(Data supplied)

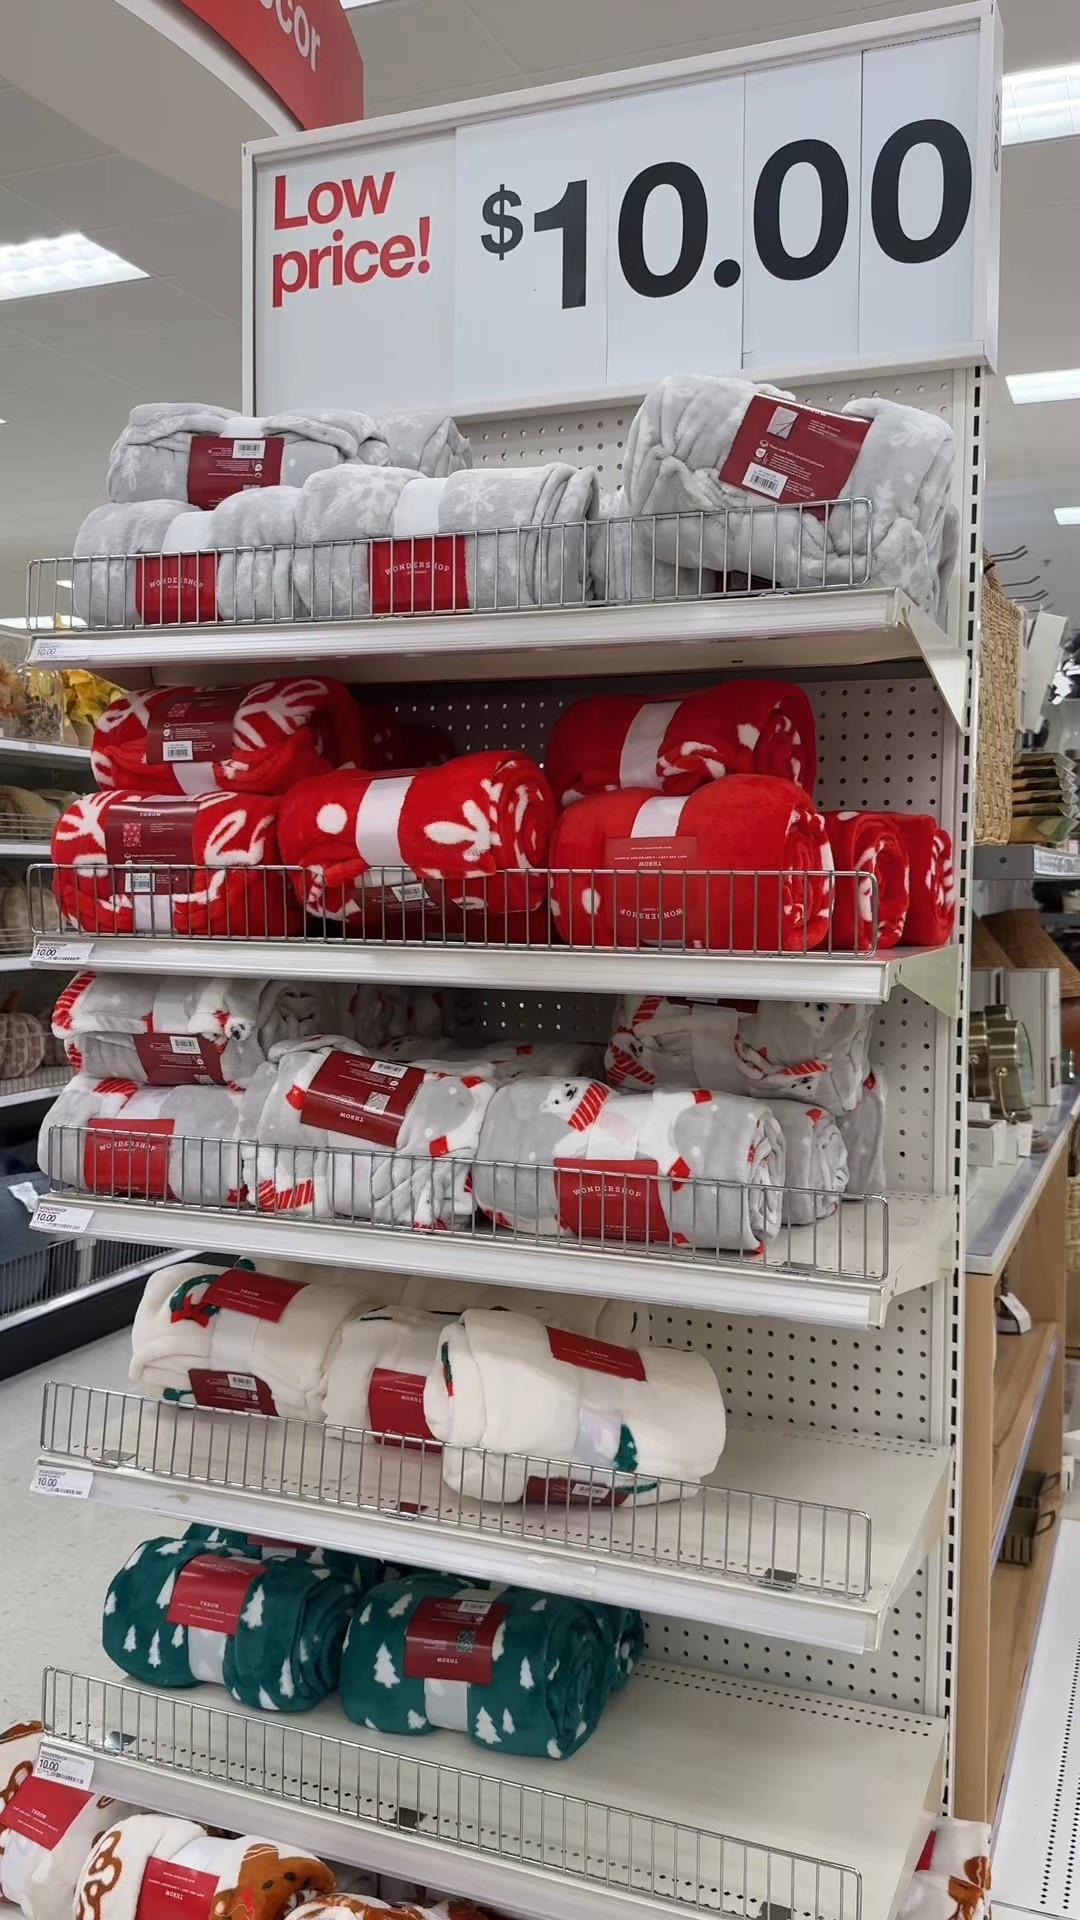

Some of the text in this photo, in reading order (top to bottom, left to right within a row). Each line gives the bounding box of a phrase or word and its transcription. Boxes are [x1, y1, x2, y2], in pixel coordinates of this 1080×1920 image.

[260, 0, 320, 72] cor
[274, 171, 396, 230] Low
[272, 216, 431, 308] price!
[36, 948, 57, 957] 10.00
[339, 1112, 364, 1123] THROW
[36, 1212, 57, 1223] 10.00
[38, 1477, 58, 1488] 10.00
[39, 1759, 60, 1772] 10.00
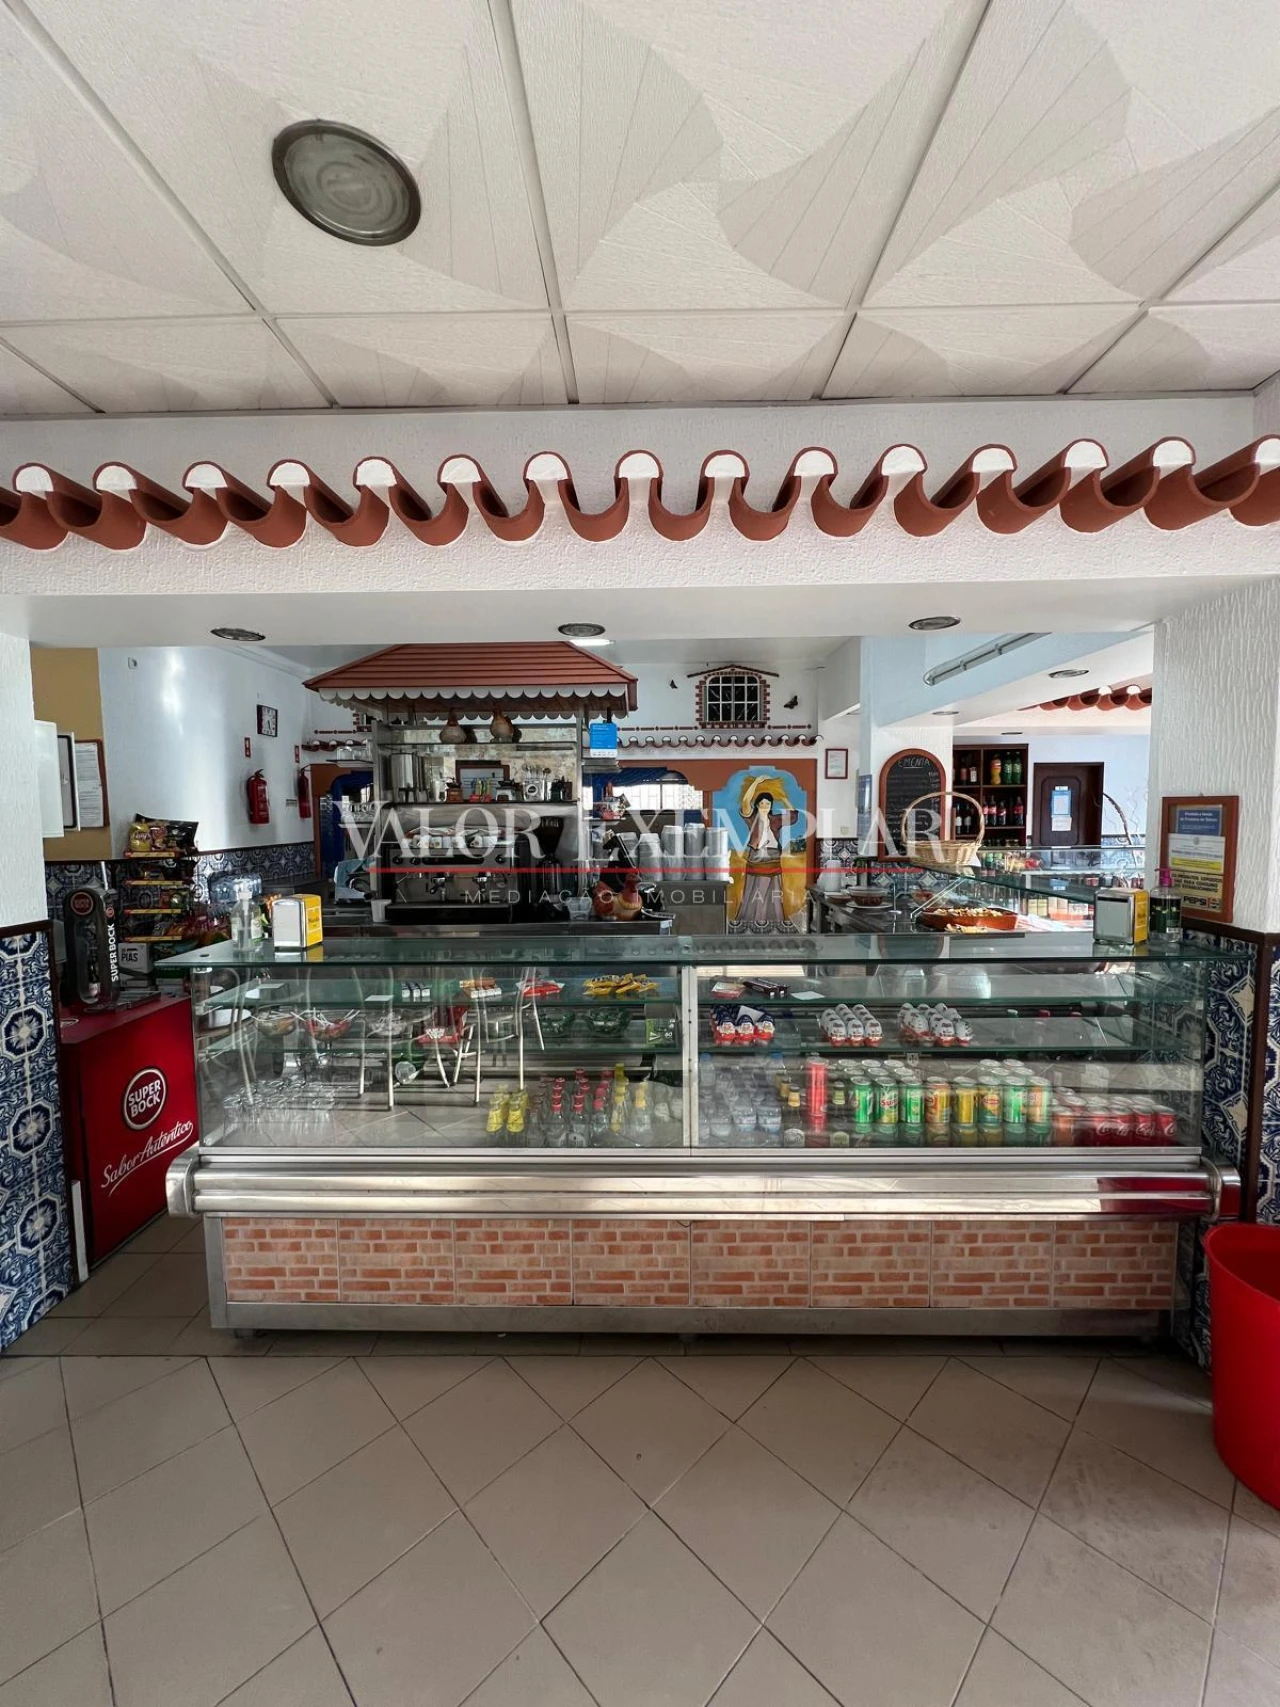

(End Data supplied)

## Task directions
Repeat every record above exactly, but drop the pictures.

## Response to the exercise
Some of the text in this photo, in reading order (top to bottom, left to right within a row). Each line gives the bounding box of a phrase or word and its transcription. Boxes are [x1, y1, x2, y2], in pixel coordinates of this 1080×1920 image.

[260, 0, 320, 72] cor
[274, 171, 396, 230] Low
[272, 216, 431, 308] price!
[36, 948, 57, 957] 10.00
[339, 1112, 364, 1123] THROW
[36, 1212, 57, 1223] 10.00
[38, 1477, 58, 1488] 10.00
[39, 1759, 60, 1772] 10.00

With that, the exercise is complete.